Lavender Line – history of the line
When railways took off in the early part of the 19th century, a vast array of rail networks soon spread throughout the country creating the opportunity for goods, post, live stock and people to travel long distances in the shortest amount of time. Isfield station was no exception, and by October 1858 the Uckfield and Lewes railway soon opened its link through the village allowing the community to expand with the newly opened railway providing direct trains to London and Lewes. This enabled live stock and goods to be transported quickly from the countryside stations in the south east to the busy depots of London and then allowed further distribution throughout the rest of the country.
Between 1859 and 1922 the London Brighton and South Coast Railway took over the running of the line along with a vast portion of the network in the south of England. By this time the line had become extremely busy with readily accessible trains to London, Brighton, Lewes, Eastbourne and Hastings, and although not all trains called at Isfield, there was still an intensive timetable for such a small station. By 1923 the railway network had been divided into the great four and so Isfield station became part of the Southern Railway and today Isfield is painted in the cream and green colours of the that organisation which helps provide a perfect picture of how the station would have appeared some 80 years ago.

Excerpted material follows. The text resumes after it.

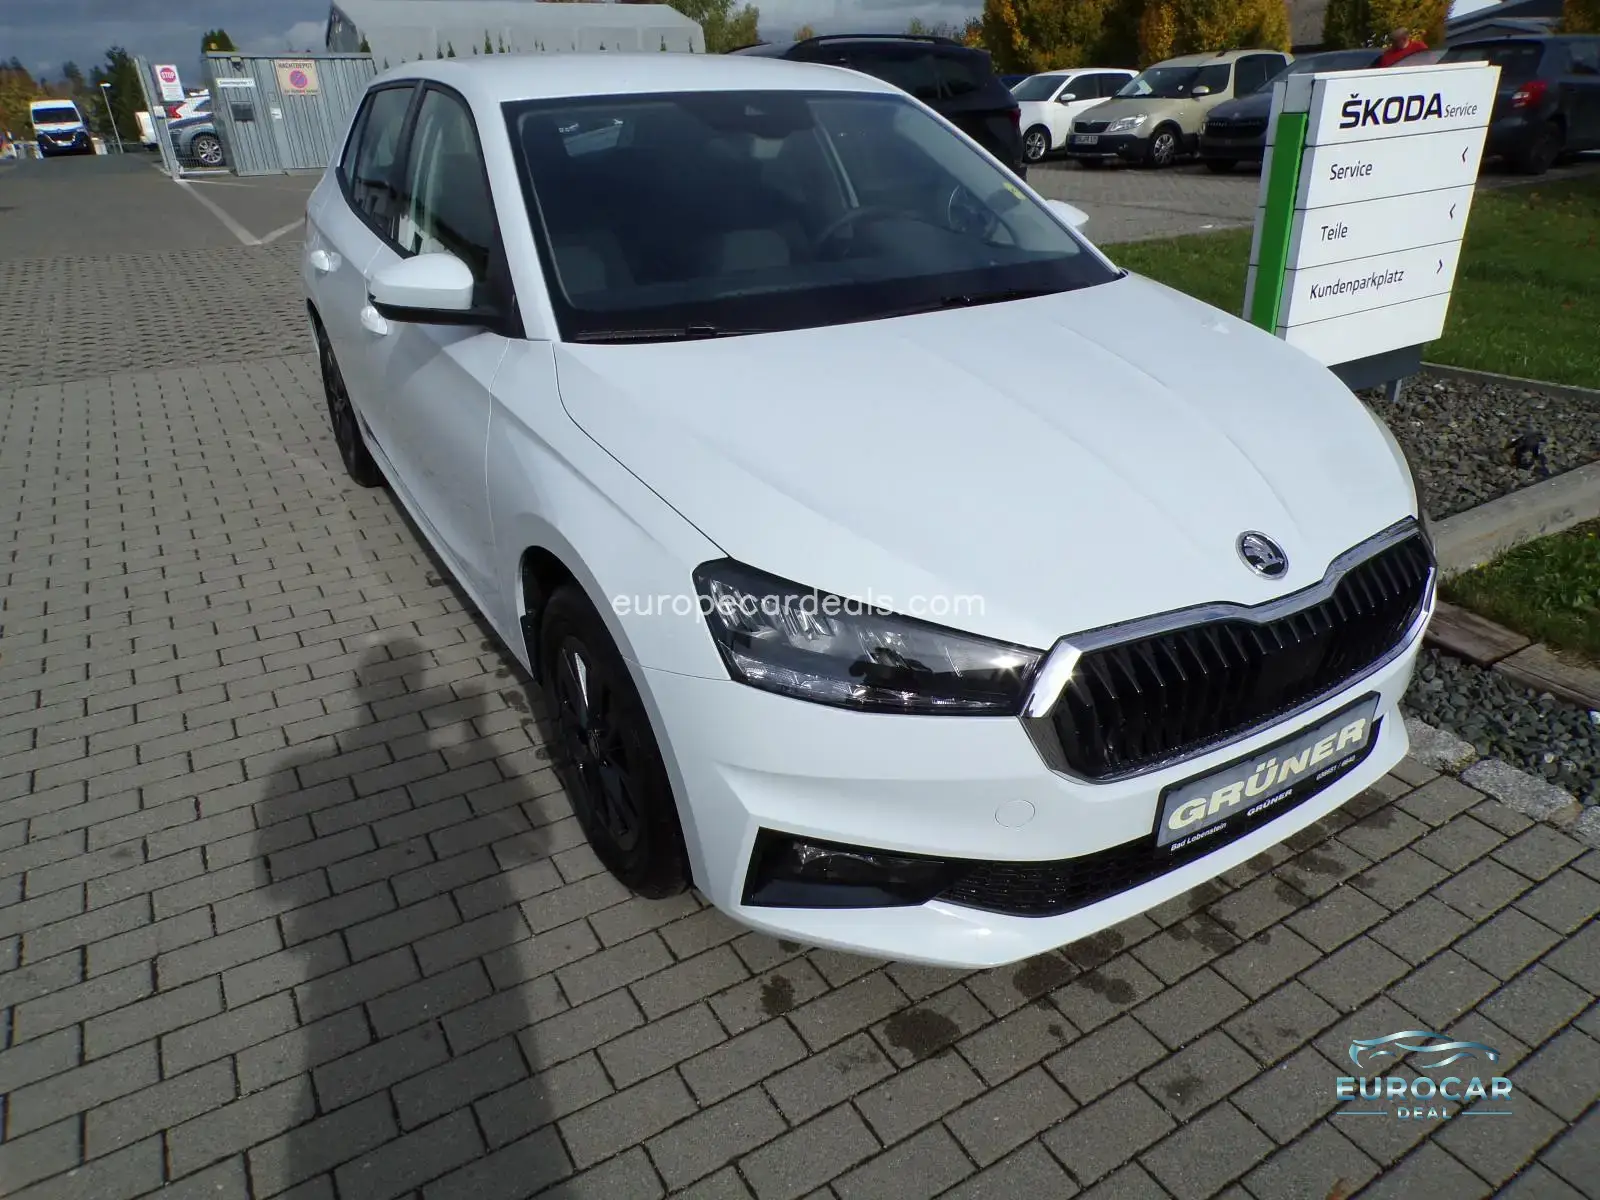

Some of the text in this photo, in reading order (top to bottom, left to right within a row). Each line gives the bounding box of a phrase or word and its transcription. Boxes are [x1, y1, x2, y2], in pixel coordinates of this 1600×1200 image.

By 1948 the entire railway network had been nationalised due to its dilapidated state following world war two and something then had to be done to save money which the railway was loosing rapidly! In the early 1950’s a certain Dr Beeching was put in charge of sorting out the UK rail network and began by making major cut backs and closures to the lines that were loosing the largest amounts of money. Unfortunately by 1965 plans had been made to sever the line between Uckfield and Lewes to save heavy money from maintenance bills and from running empty trains and so by February 1969 the railway had been ripped up and sold leaving the stations between Uckfield and Lewes, such as Isfield and its sister station at Balcome Mills to become abandoned and derelict.